Bertie spent much of the rest of the year ashore, initially at Abergeldie, but then at Sandringham, alone with his father, where the two of them became close. During this time Bertie was to learn a lot about what it was to be a king in time of war – an experience that he would be able to draw on when he found himself in the same position two decades later.
In mid-May 1916 he made it back to the Collingwood, just in time to take part in the Battle of Jutland at the end of the month. Although again in the sick bay (this time, apparently as the result of eating soused mackerel) on the evening the ship set off, Bertie was well enough to take his place in ‘A turret’ the following day. The Collingwood’s part in the action was not significant, but Bertie was glad to have been involved and, as he recorded, to have been tested by the ordeal of coming under fire.

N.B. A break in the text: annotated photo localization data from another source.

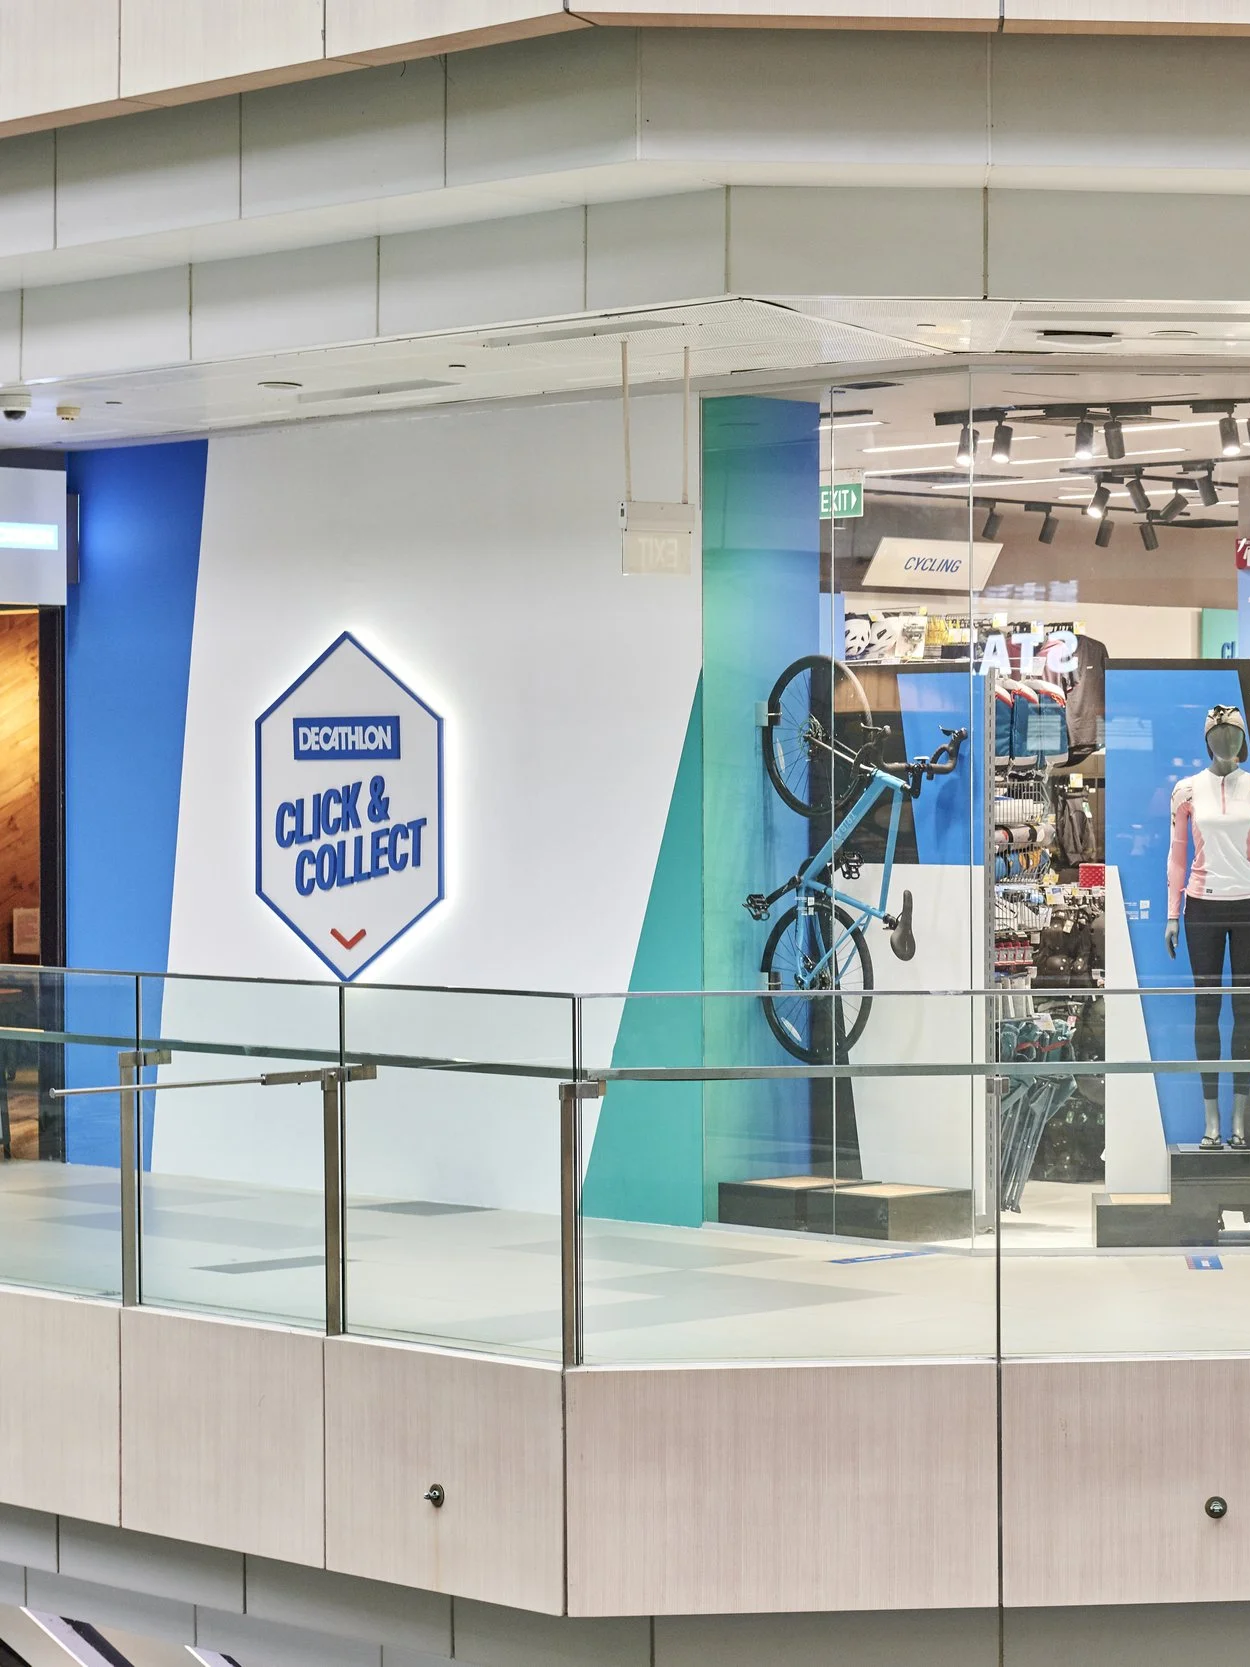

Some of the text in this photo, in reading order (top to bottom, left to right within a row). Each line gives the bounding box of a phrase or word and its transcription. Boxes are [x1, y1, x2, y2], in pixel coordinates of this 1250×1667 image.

[820, 489, 850, 513] EXIT
[904, 557, 962, 573] CYCLING
[299, 725, 392, 751] DECATHLON
[275, 775, 391, 848] CLICK &
[295, 817, 427, 896] COLLECT

Much to his relief, his stomach problems appeared to be receding. But then that August they struck again, this time with a vengeance. Transferred ashore, he was examined by a relay of doctors who finally diagnosed his ulcer. In May 1917, however, he was back at Scapa Flow, this time as an acting lieutenant on
the Malaya, a larger, faster and more modern battleship than the Collingwood. By the end of July, he was ill once more and transferred ashore to a hospital in South Queensferry, near Edinburgh. After eight years of either training or serving in the navy, Bertie realized reluctantly that his career in the service was over. ‘Personally, I feel that I am not fit for service at sea, even after I recover from this little attack,’ he told his father.24 That November, after much hesitation, he finally underwent the operation for the ulcer, which went well, however this sustained period of ill health would continue to affect him both physically and psychologically in the years to come.

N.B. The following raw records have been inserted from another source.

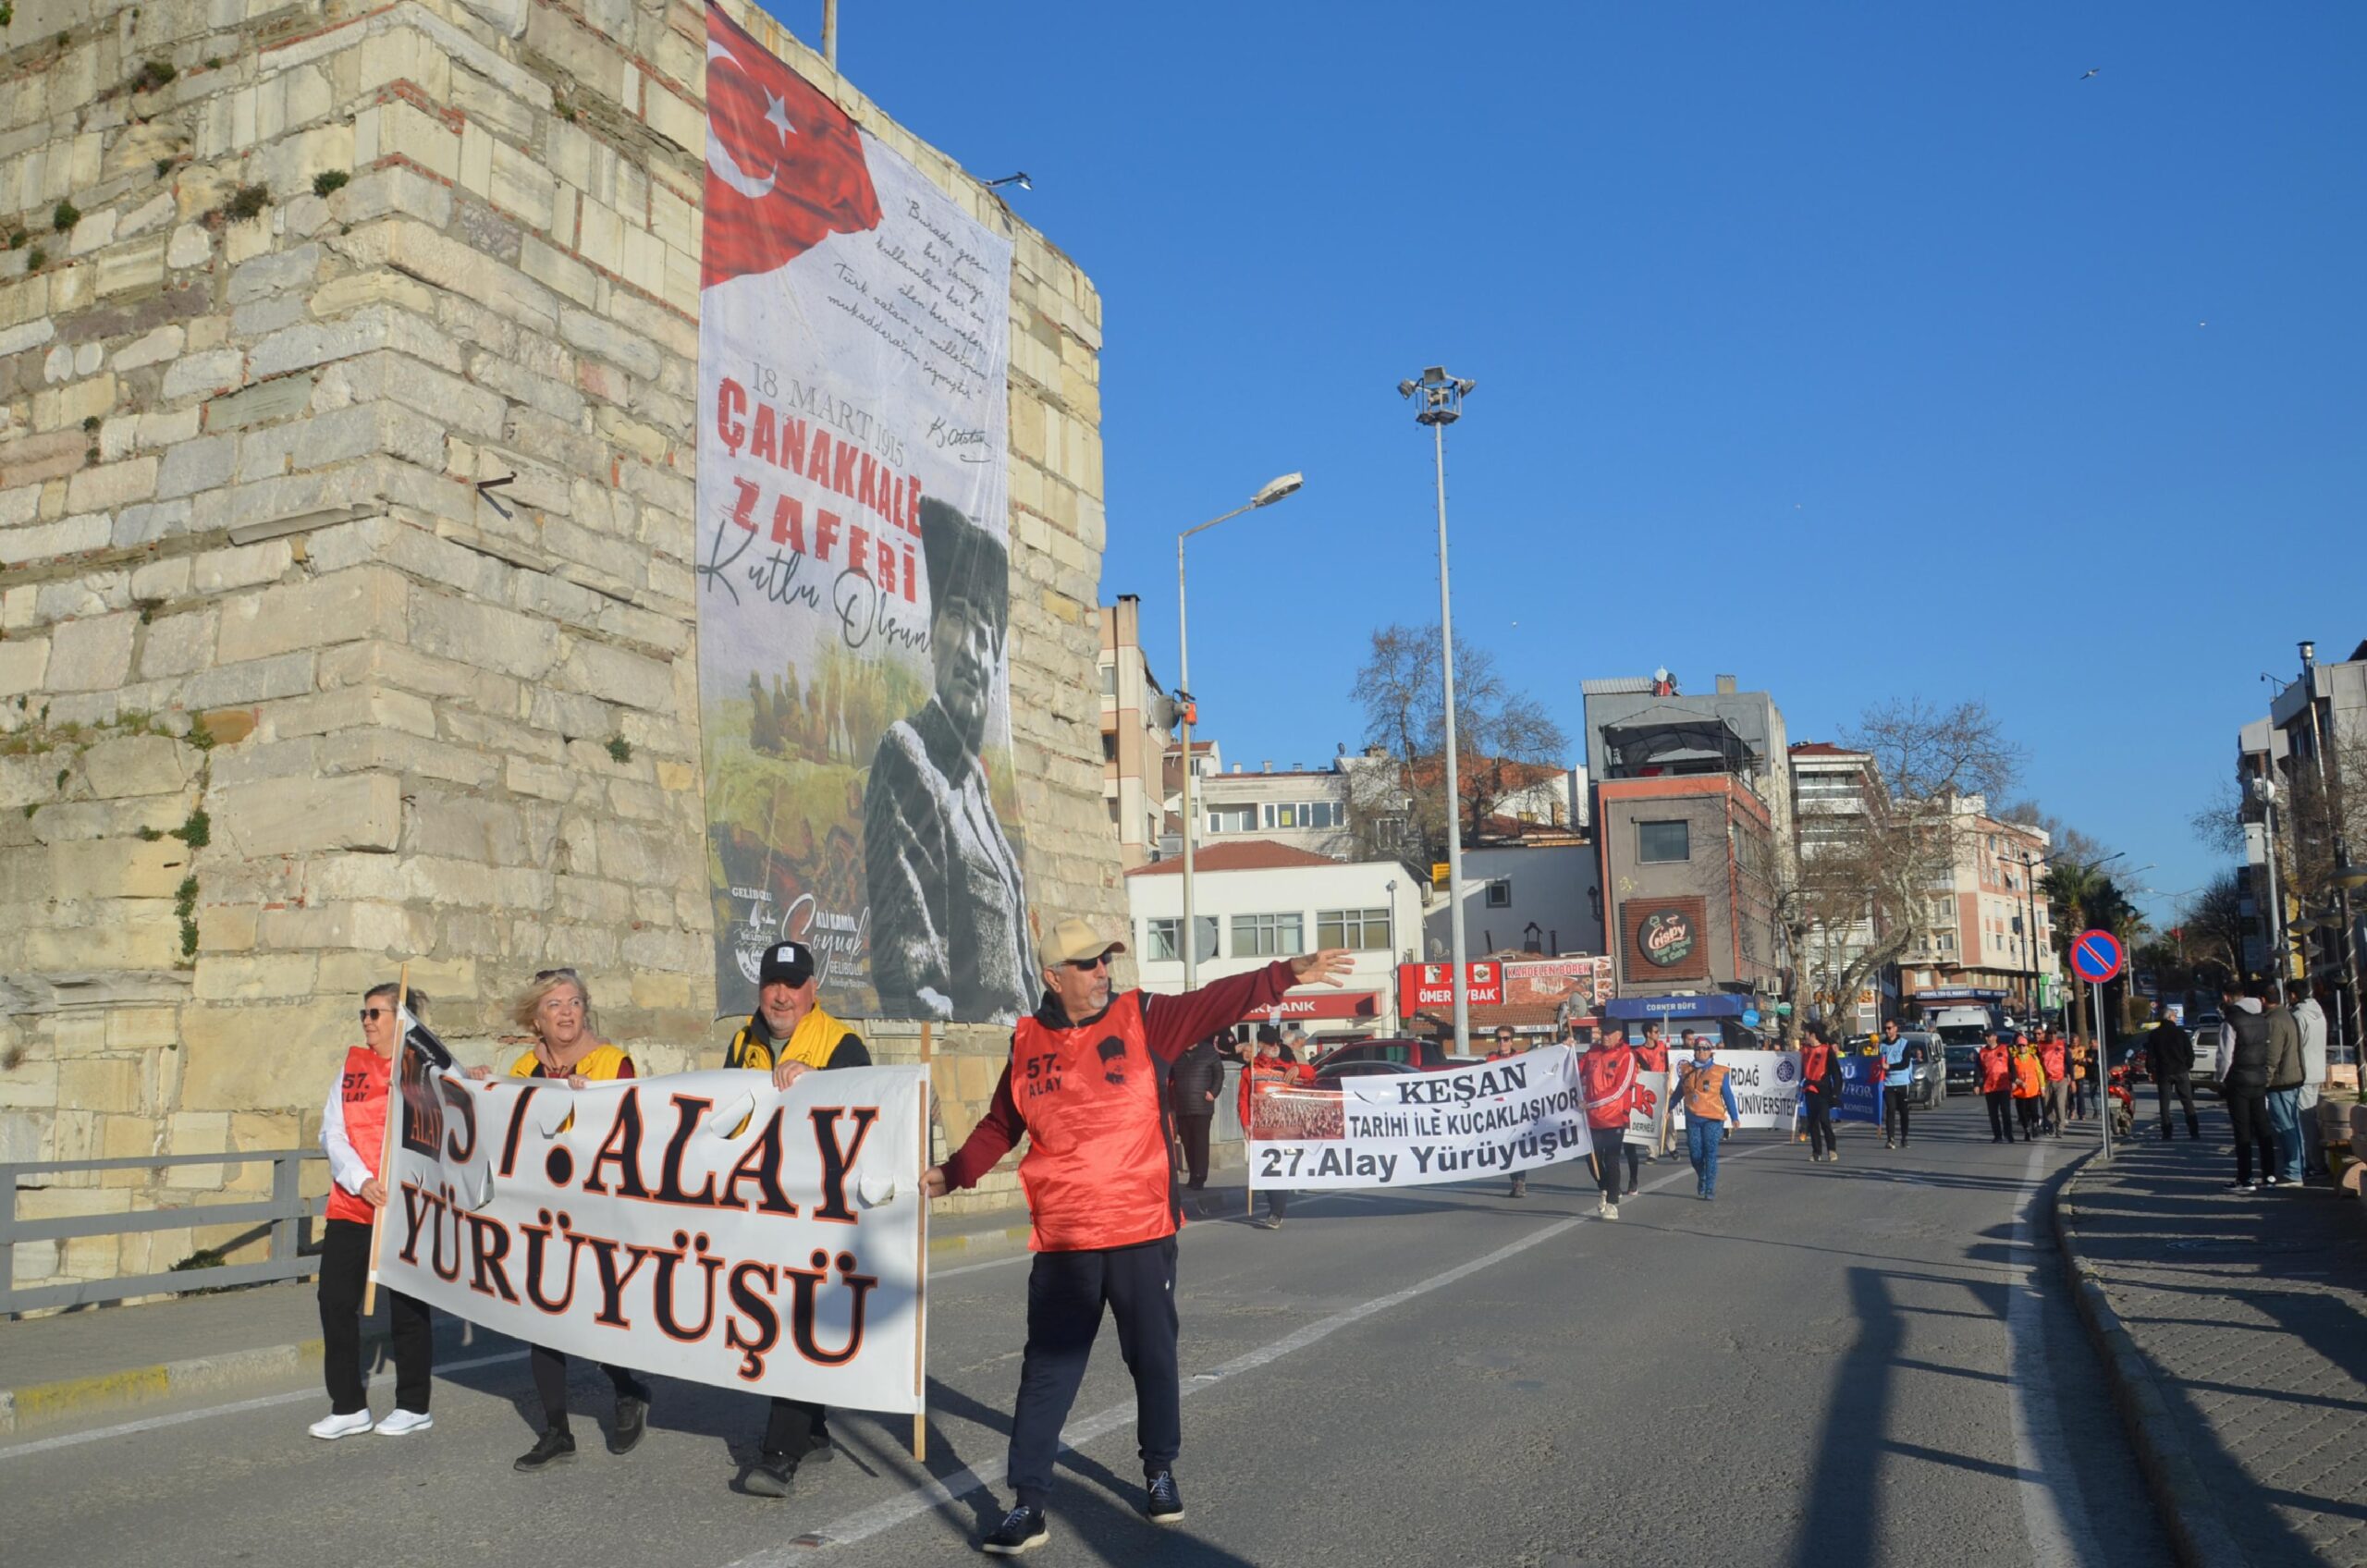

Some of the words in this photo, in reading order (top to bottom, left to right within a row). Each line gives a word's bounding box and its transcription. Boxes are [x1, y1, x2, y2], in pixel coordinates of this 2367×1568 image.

[753, 361, 779, 398] 18
[789, 379, 873, 441] MART
[876, 423, 904, 468] 1915
[717, 377, 922, 539] ÇANAKKALE
[732, 476, 917, 604] ZAFERİ
[697, 520, 820, 607] Kutlu
[834, 568, 930, 653] Olsun
[1649, 924, 1686, 949] Crispy
[1419, 988, 1452, 1002] ÖMER
[1646, 1003, 1675, 1011] CORNER
[1026, 1053, 1061, 1080] 57.
[1029, 1075, 1061, 1099] ALAY
[1397, 1062, 1527, 1108] KEŞAN
[1727, 1062, 1760, 1087] RDAĞ
[1350, 1111, 1408, 1137] TARİHİ
[1415, 1110, 1441, 1136] İLE
[1447, 1087, 1579, 1135] KUCAKLAŞIYOR
[1738, 1093, 1797, 1115] ÜNİVERSİTES
[1410, 1120, 1579, 1174] Yürüyüşü
[399, 1181, 877, 1381] YÜRÜYÜŞÜ

Bertie was determined not to return to civilian life while the war was going on and in February 1918 was transferred to the Royal Naval Air Service, which two months later was to be merged with the Royal Flying Corps to form the Royal Air Force. He became Officer Commanding Number 4 Squadron of the Boys’ Wing at Cranwell, Lincolnshire, where he remained until that August. During the last weeks of the war, he served on the staff of the Independent Air Force at its headquarters in Nancy, and following its disbanding in November, he remained on the Continent as a staff officer with the Royal Air Force.
When peace came, Bertie, like many returning officers, went to university. In October 1919 he went up to Trinity College, Cambridge, where he studied history, economics and civics for a year. It was not immediately clear why he, as the second son, would need such knowledge, but it was to prove more than useful a decade later.